- Original language: English
- Written by: Arthur Kopit
- Characters: Emily Stilson Amy Doctors Nurses Billy Mr. Brownstein Mrs. Timmins
- Genre: Drama

Premiere
- Date: March 3, 1978
- Place: Yale Repertory Theatre New Haven, CT

= Wings (play) =

Play written by Arthur Kopit

Wings is a 1978 play by American playwright Arthur Kopit. Originating as a radio play, it was later adapted for stage and screen.

In 1976, Kopit was commissioned to write an original radio play by the NPR drama project Earplay. Just prior, his father had suffered a debilitating stroke, which inspired Kopit to write the play about the language disorder and psychological perspective of a stroke victim. The female character of the play is an amalgam of two women who were both patients at the rehab center that cared for his father.

==Production history==
The first professional stage production of Wings opened at the Yale Repertory Theatre in New Haven, Connecticut on March 3, 1978, with Constance Cummings as Emily Stilson, and Marianne Owen as Amy.

The Yale Rep Theatre cast and crew was as follows:
- Emily Stilson - Constance Cummings
- Amy - Marianne Owen
- Doctors - Geoffrey Pierson, Roy Steinberg
- Nurses - Caris Corfman, Carol Ostrow
- Billy - Richard Grusin
- Mr. Brownstein - Ira Bernstein
- Mrs. Timmins - Betty Pelzer
- Directed by John Madden
- Designed by Andrew Jackness
- Costumes by Jeanne Button
- Lighting by Tom Schraeder
- Sound by Tom Voegeli
- Music by Herb Pilhofer

Wings opened at the Off-Broadway New York Shakespeare Festival Public/ Newman Theater, presented by Joseph Papp, on June 21, 1978 for a limited run to July 2, 1978. This was the Yale Rep production with the same cast and creatives.

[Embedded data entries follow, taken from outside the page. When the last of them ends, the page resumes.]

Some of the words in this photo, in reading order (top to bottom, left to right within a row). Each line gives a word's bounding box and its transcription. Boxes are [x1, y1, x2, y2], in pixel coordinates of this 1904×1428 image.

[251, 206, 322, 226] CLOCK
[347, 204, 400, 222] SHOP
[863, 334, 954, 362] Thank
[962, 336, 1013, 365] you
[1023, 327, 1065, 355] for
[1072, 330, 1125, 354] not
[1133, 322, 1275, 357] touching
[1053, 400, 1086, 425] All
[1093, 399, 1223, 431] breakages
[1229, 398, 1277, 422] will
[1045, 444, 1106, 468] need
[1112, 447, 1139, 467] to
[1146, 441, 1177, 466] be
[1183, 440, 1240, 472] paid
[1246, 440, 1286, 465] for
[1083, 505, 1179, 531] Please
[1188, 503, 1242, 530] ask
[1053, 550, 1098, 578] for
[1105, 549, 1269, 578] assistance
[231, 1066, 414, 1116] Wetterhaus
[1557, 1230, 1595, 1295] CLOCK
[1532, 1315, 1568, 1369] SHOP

Wings opened on Broadway at the Lyceum Theatre on January 28, 1979 and closed on May 5, 1979 after 113 performances and 6 previews.
The cast and crew was as follows:
- Emily Stilson - Constance Cummings
- Amy - Mary-Joan Negro
- Doctors - Roy Steinberg, Ross Petty
- Nurses - Gina Franz, Mary Michele Rutherfurd
- Billy - James Tolkan
- Mr. Brownstein - Carl Don
- Mrs. Timmins - Betty Pelzer
- Directed by John Madden
- Designed by Andrew Jackness
- Costumes by Jeanne Button
- Lighting by Tom Schraeder
- Sound by Tom Voegeli
- Music by Herb Pilhofer

It was filmed for U.S. television in 1983, starring Constance Cummings and Mary-Joan Negro.

==Themes==
Richard Eder wrote in The New York Times: "Wings is a remarkable attempt to dramatize the agony of a stroke victim. It presents [a] mind whose language has been knocked out from under it; one that struggles blindly, with alternating grace and terror, to regain its footing."

Michael Billington wrote: "...this is a play about language – about Emily’s progress from a jumbled, disordered speech to one that achieves a wondrous coherence."

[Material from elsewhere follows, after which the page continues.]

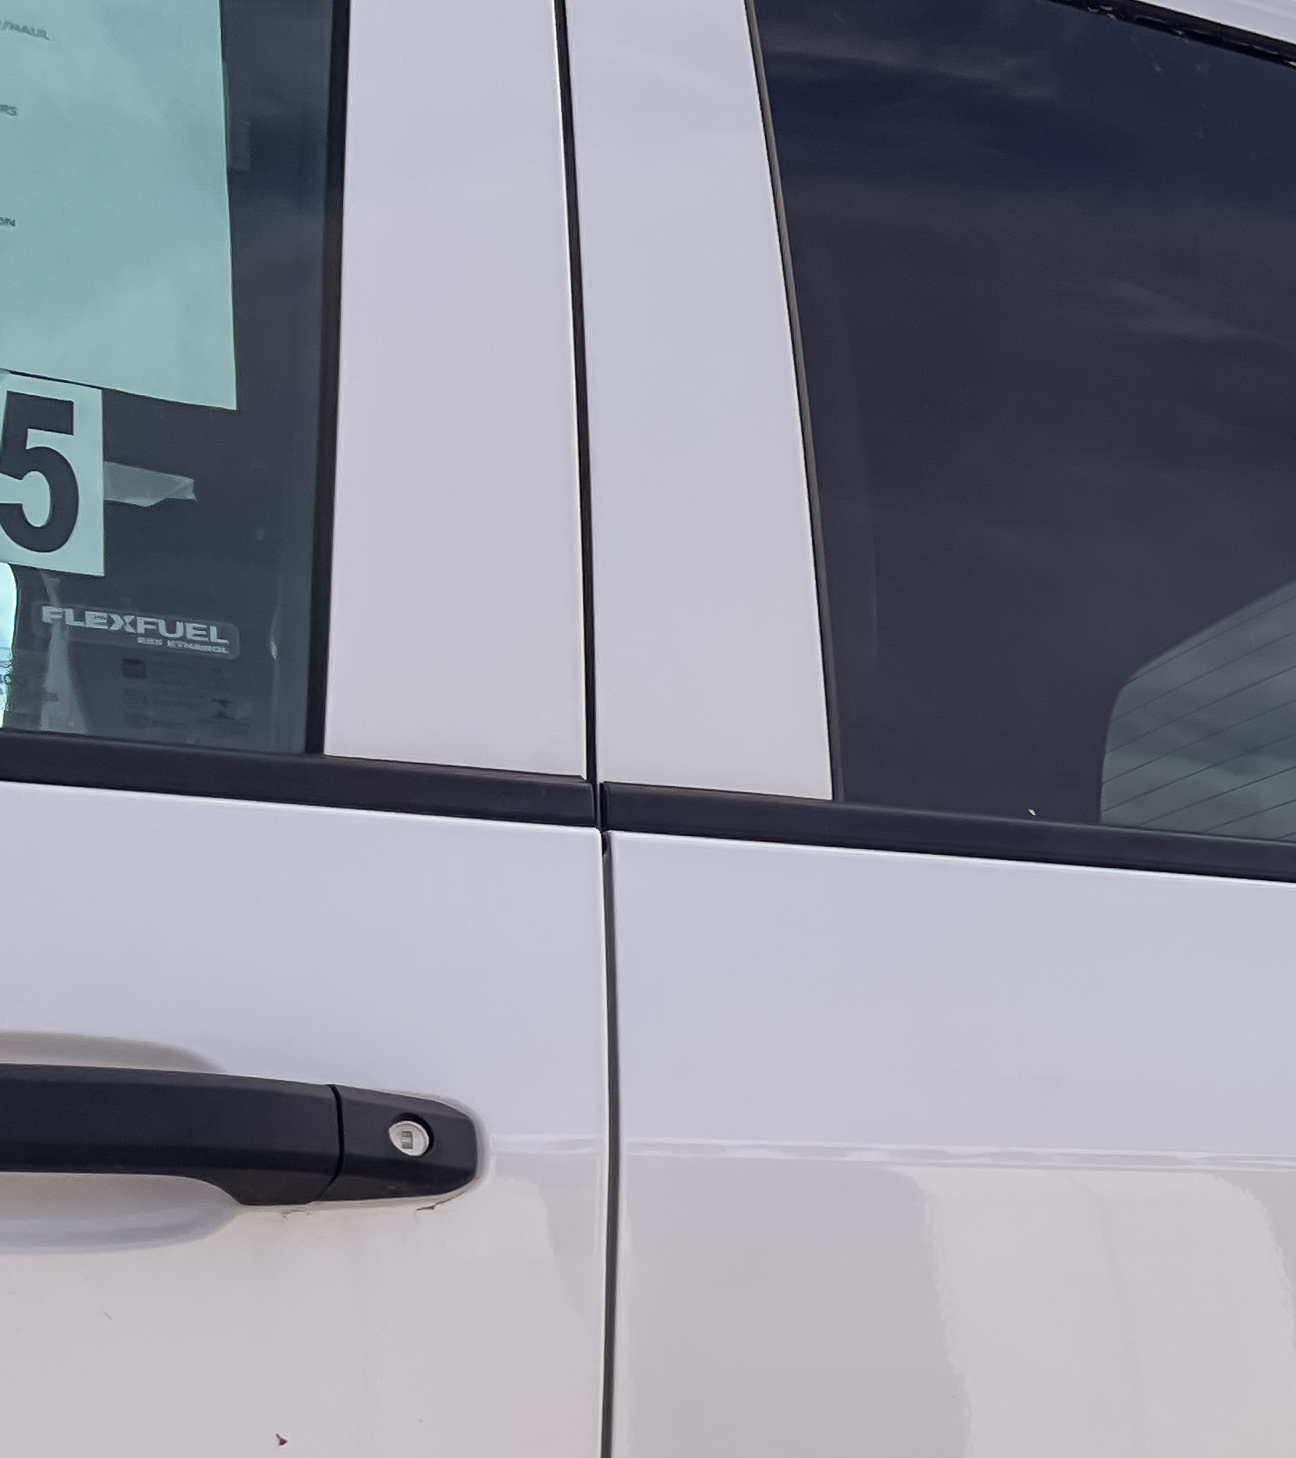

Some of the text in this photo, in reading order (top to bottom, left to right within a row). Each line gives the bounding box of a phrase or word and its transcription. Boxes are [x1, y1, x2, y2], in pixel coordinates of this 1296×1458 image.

[0, 18, 49, 41] /HAUL
[0, 390, 79, 553] 5
[41, 604, 230, 645] FLEXFUEL

==Awards and recognition==
- 1979 Drama Desk Award, Outstanding Actress in a Play, Cummings, winner
- 1979 Drama Desk Award Outstanding Director of a Play, nominee
- 1979 Drama Desk Award Outstanding New Play, nominee
- 1979 Obie Award, Performance, Cummings, winner
- 1979 Tony Award Play, nominee
- 1979 Tony Award Actress in a Play, Cummings, winner
- 1979 Tony Award Featured Actress in a Play, Mary-Joan Negro, nominee
- 1979 Selection, The Burns Mantle Theater Yearbook, The Best Plays of 1978-1979

==Adaptations==

The play was adapted into a musical of the same name with music by Jeffrey Lunden and book and lyrics by Arthur Perlman, which premiered at Chicago's Goodman Theatre in October 1992.